On November 4, 2021, the DoD announced CMMC 2.0, the latest iteration of its new Cybersecurity & Compliance Framework for its contractors, and also the Defense Industrial Base (DIB) which introduced significant changes to the CMMC program it had started rolling out with the pilot contracts in early 2021. Feedback from the industry and small businesses was given consideration to make these changes.
There are notable changes in these four areas:
To simplify the requirements, the different CMMC Certification Levels were reduced from five down to three. Levels 2 and 4 from CMMC 1.02 were eliminated. Similar to the earlier version, CMMC 2.0 Level 1 is limited to the handling of Federal Contract Information (FCI) while CMMC 2.0 Level 2 (former Level 3) allows the handling of FCI and Controlled Unclassified Information (CUI). The new CMMC 2.0 Level 3 combines the old Levels 4 and 5, and will only apply to a small set of companies. For more in-depth information, see our CMMC 2.0 Compliance Levels page.
Overall, the control requirements have been scaled back to or close to the 110 controls in NIST SP 800-171.
CMMC 2.0 Level 1 Controls – Foundational Level
No changes have been made as compared to CMMC 1.02. 17 processes need to be implemented to fulfill this Foundational Level 1.
CMMC 2.0 Level 2 Controls – Advanced Level
The Control requirements were scaled back to the 110 controls of NIST SP 800-171 which were a requirement under DFARS 252.204-7012 (since 1.1.2018) and DFARS -7019 (since 11/30/2020) already. The planned additional 20 controls unique to CMMC 1.02 were eliminated.

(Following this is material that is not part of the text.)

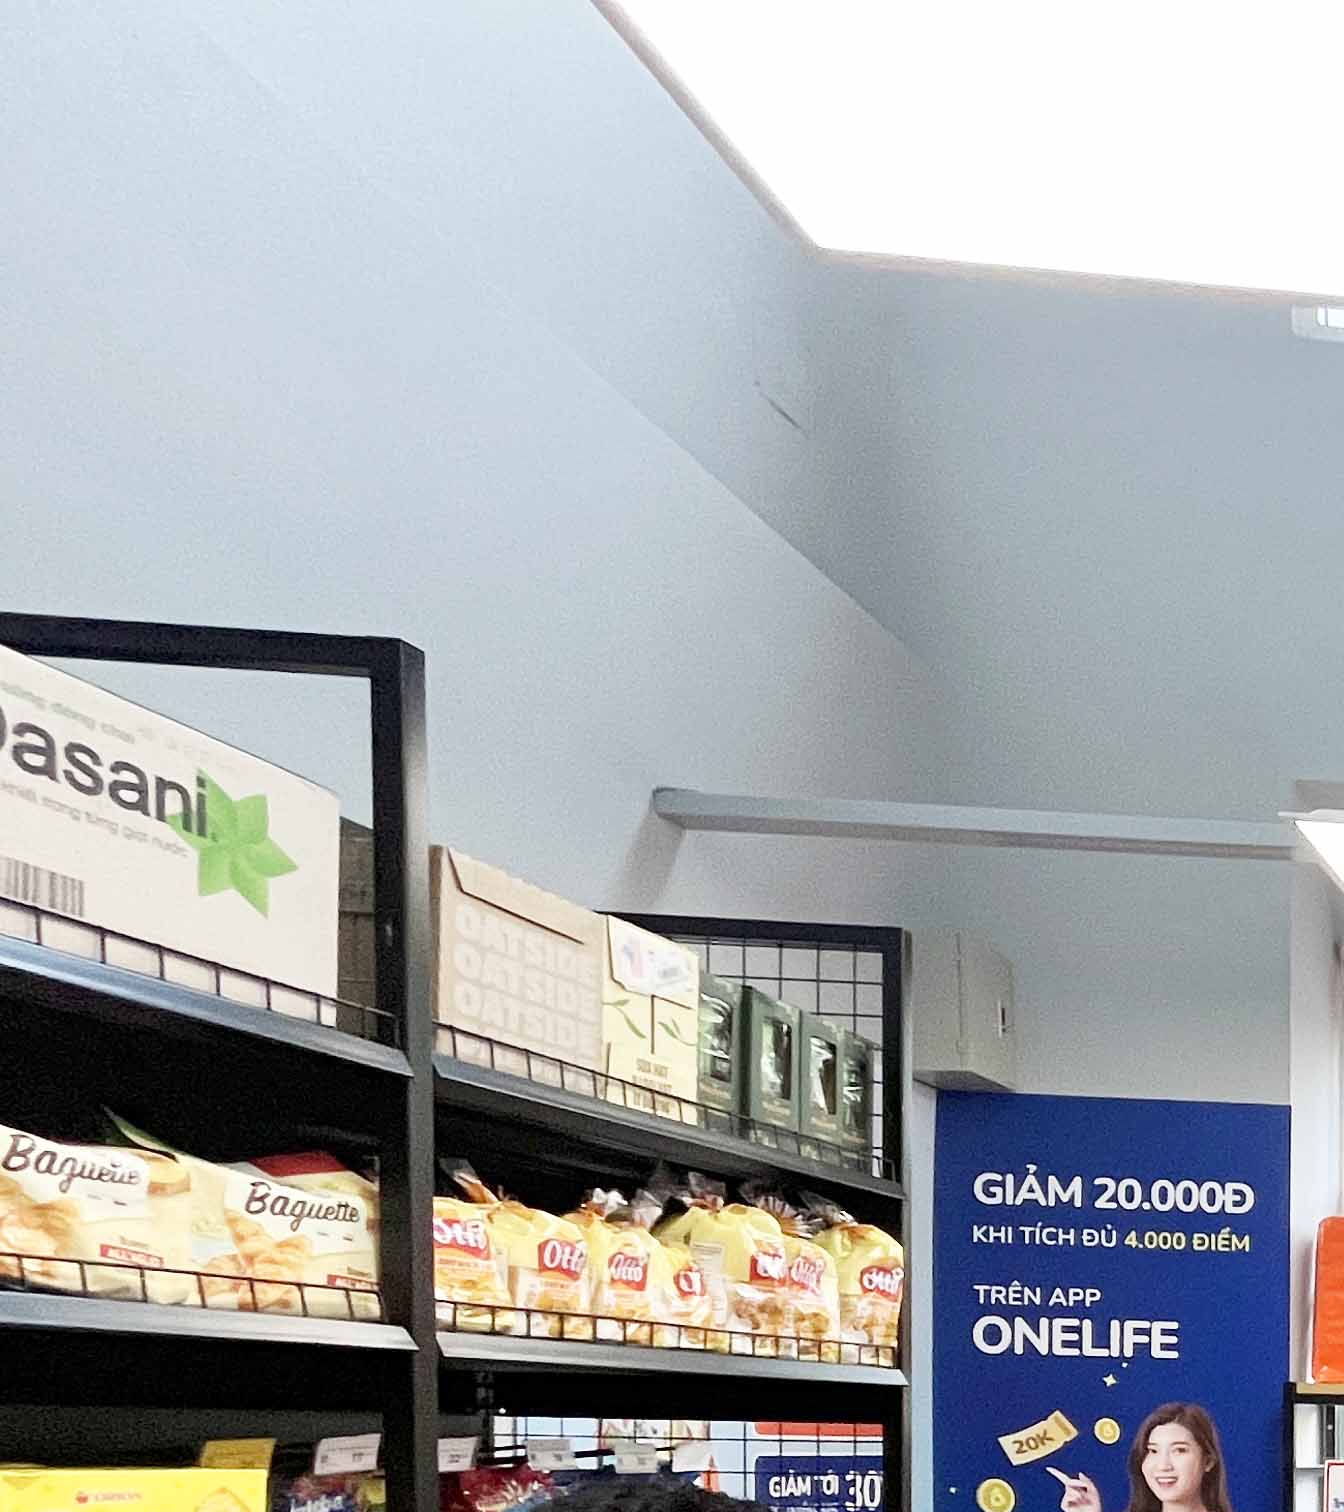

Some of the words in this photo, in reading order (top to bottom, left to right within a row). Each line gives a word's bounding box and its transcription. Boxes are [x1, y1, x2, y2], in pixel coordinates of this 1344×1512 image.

The bottom line is that under CMMC 2.0, this “Advanced” level will be equivalent to the NIST SP 800-171. The requirements regarding documentation (policies, procedures, etc.) are not explicitly mentioned any longer which might lead some to conclude that no documentation is needed any longer. However, a solid documentation was always required for a NIST SP 800-171 implementation as well so this doesn’t represent a change.
CMMC 2.0 Level 3 Controls – Expert Level
In addition to the requirements from Level 2, CMMC 2.0 Level 3 will be based on a subset of NIST SP 800-172 requirements. This “Expert” level is currently under development.
Probably the most controversial revision is regarding the changes to the assessment requirements. Only contractors of Level 3 and part of Level 2 will have to become certified. Those in Level 1 and the remainder of Level 2 will be allowed to perform self-assessments.
CMMC 2.0 Level 1 Assessments
Contractors that will handle FCI exclusively (Level 1) will no longer be required to become certified. Instead, they must provide an annual Level 1 self-assessment with an additional annual affirmation from a senior company official that the company is meeting requirements. The score of the self-assessment should be submitted to the Supplier Performance Risk System (SPRS) as well.
CMMC 2.0 Level 1 Assessments
This “Advanced” Level allows for managing CUI and is unique in the sense that the organizations required to achieve this compliance level are divided into two subsets — resulting in two different assessment requirements. The criterion that is used to categorize contractors into one of the subsets is if the information they handle is “critical to national security” or not. This will need to be clarified further by the DoD.
Level 2 – Subset 1:
Contractors that handle information that is NOT deemed critical to national security. These organizations can perform the annual self-assessments as the companies in Level 1.
Level 2 – Subset 2:
Contractors managing information deemed critical to national security. These companies will have to be certified and will be assessed by a Third-Party Assessment Organization (C3PAOs) which will be accredited by the CMMC-AB.
CMMC 3.0 Level 1 Assessments
Organizations in the “Expert” level will have to become certified. At this level, the certification assessment will be performed by government officials.
The initial version, CMMC 1.02, did not allow for any open items in the Plan of Actions and Milestones (PoA&M) document. The DoD currently softened its stance and intends to allow companies to receive contract awards with a Plan of Actions and Milestones (POA&M) in place to complete CMMC requirements. However, only low-risk items are allowed to be as open items on the list, and there is a 180-day period in which the contractor will have to remediate the issue and become compliant. Another additional requirement is the minimum assessment scores. All the highest weighted NIST SP 800-171 controls will have to be implemented without exceptions at contract award.
The DoD is considering CMMC waivers but made it clear that these would be issued on a very limited basis for select mission-critical instances and require approval from senior DoD leadership. The waivers have a limited duration and need to be supported by mitigation strategies to reduce the risk to the CUI handled by the contractor.
All these changes impact the CMMC implementation timeline and rollout which had started in early 2021 and will end on October 31, 2025, as mentioned in DFARS 252.204-7021. Currently, CMMC 2.0 is in the rulemaking process which is expected to take 9-24 months.
The DoD stated that it will not include CMMC requirements in contracts until this process has been finalized. CMMC will be part of new DoD contract requirements once completed. Considering that the implementation of CMMC requirements can take several months, the time to start the journey towards CMMC compliance is now.